Sun and moon and the other stars were not created by themselves and subsequently taken in by the world, but were fashioned in it from the first and gradually grew in size by the aggregations and whirlings of bodies of minute parts, either windy or fiery or both, for this is what our sensation suggests.
HICKS
A world is a circumscribed portion of the universe, which contains stars and earth and all other visible things, cut off from the infinite, and terminating [and terminating in a boundary which may be either thick or thin, a boundary whose dissolution will bring about the wreck of all within it] in an exterior which may either revolve or be at rest, and be round or triangular or of any other shape whatever.

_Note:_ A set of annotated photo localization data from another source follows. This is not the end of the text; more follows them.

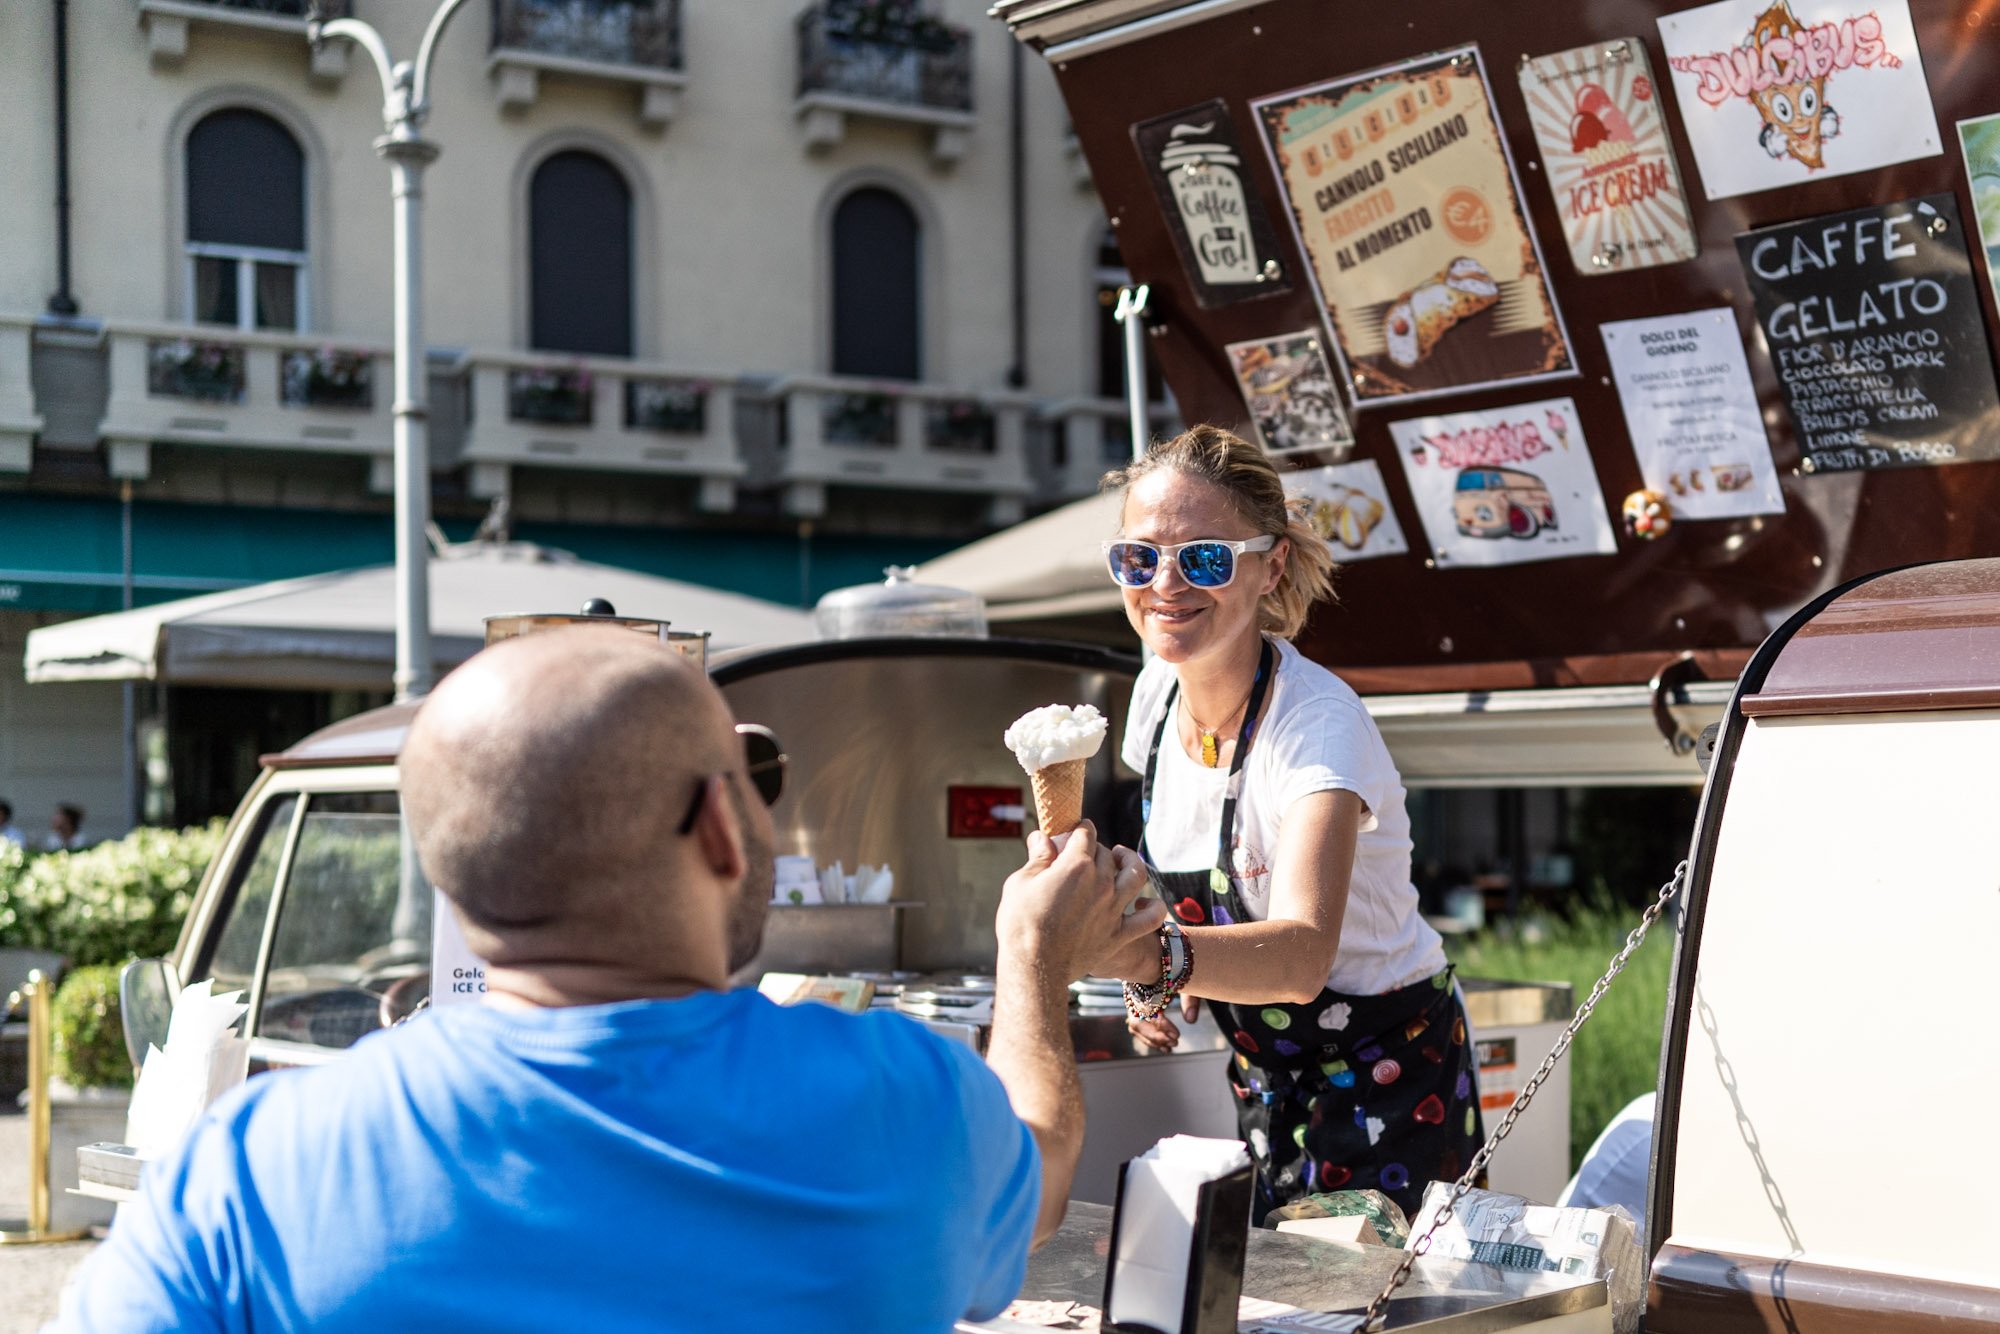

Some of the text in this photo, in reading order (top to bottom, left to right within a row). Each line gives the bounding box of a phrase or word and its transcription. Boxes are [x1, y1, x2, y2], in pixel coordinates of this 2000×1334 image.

[1315, 113, 1469, 213] CANNOLO SICILIANO
[1569, 180, 1602, 219] ICE
[1602, 158, 1671, 208] CREAM
[1181, 190, 1241, 223] Coffee
[1323, 187, 1396, 243] FARCITO
[1199, 231, 1248, 271] Go!
[1336, 206, 1433, 272] AL MOMENTO
[1768, 277, 1948, 343] GELATO
[1640, 327, 1700, 344] DOLCI DEL
[1646, 341, 1698, 357] GIORNO
[1778, 328, 1940, 369] FIOR D'ARANCIO
[1781, 351, 1946, 383] CIOCCOLATO DARK
[1789, 373, 1894, 400] PISTACCHIO
[1791, 387, 1927, 415] STRACCIATELLA
[1800, 402, 1939, 432] BAILEYS CREAM
[1806, 428, 1869, 450] LIMONE
[1867, 449, 1890, 466] DI
[453, 982, 473, 993] ICE
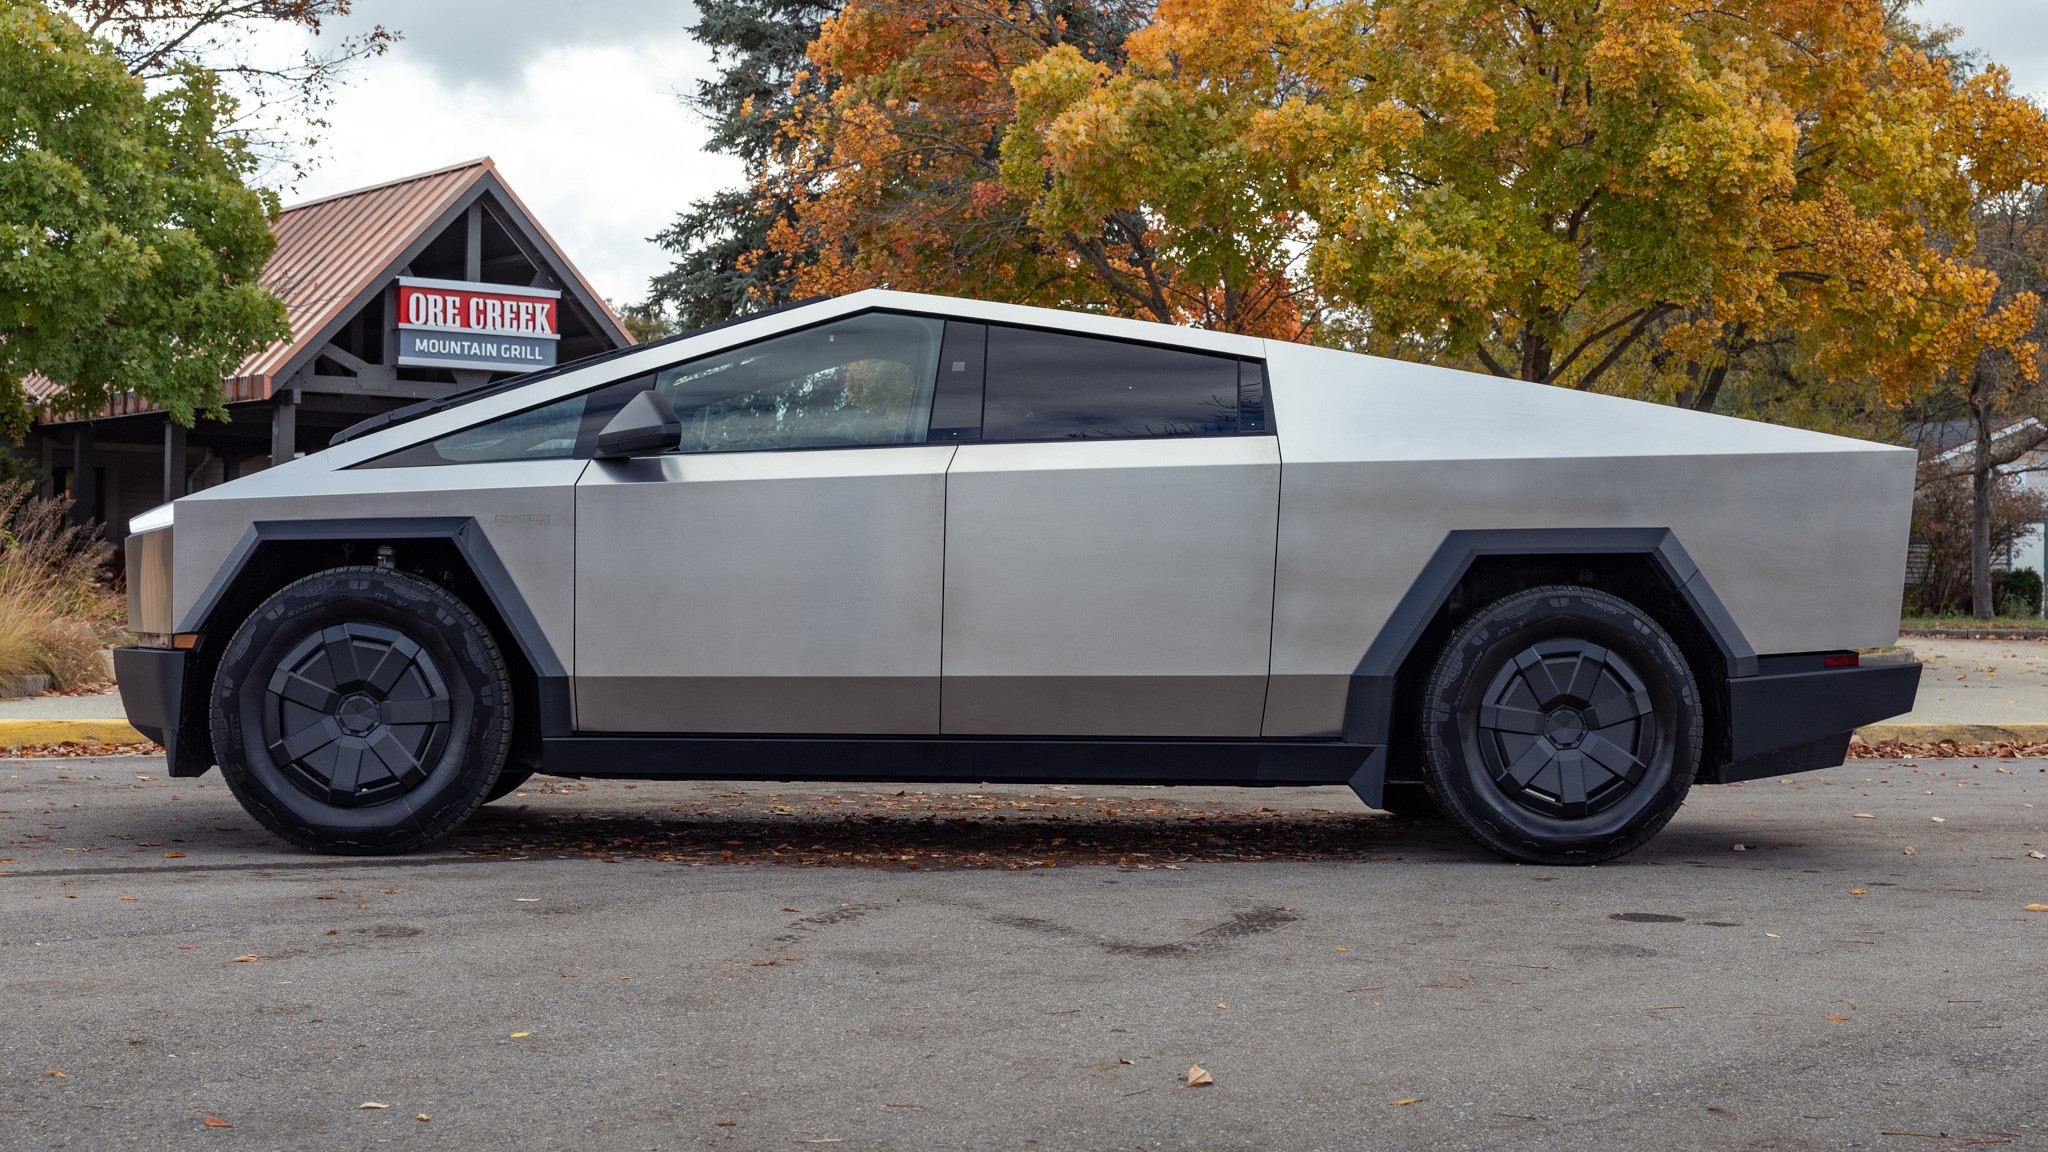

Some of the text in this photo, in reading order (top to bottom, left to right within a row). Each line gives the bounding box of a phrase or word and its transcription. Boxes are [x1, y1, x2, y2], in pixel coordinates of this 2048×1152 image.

All these alternatives are possible: they are contradicted by none of the facts in this world, in which an extremity can nowhere be discerned.
[89] That there is an infinite number of such worlds can be perceived, and that such a world may arise in a world or in one of the intermundia (by which term we mean the spaces between worlds) in a tolerably empty space and not, as some maintain, in a vast space perfectly clear and void. It arises when certain suitable seeds rush in from a single world or intermundium, or from several, and undergo gradual additions or articulations or changes of place, it may be, and waterings from appropriate sources, until they are matured and firmly settled in so far as the foundations laid can receive them. For it is not enough that there should be an aggregation or a vortex in the empty space in which a world may arise, as the necessitarians hold, and may grow until it collide with another, as one of the so-called physicists says. For this is in conflict with facts.
"The sun and moon and the stars generally were not of independent origin and later absorbed within our world, [such parts of it at least as serve at all for its defence]; but they at once began to take form and grow [and so too did earth and sea] by the accretions and whirling motions of certain substances of finest texture, of the nature either of wind or fire, or of both; for thus sense itself suggests.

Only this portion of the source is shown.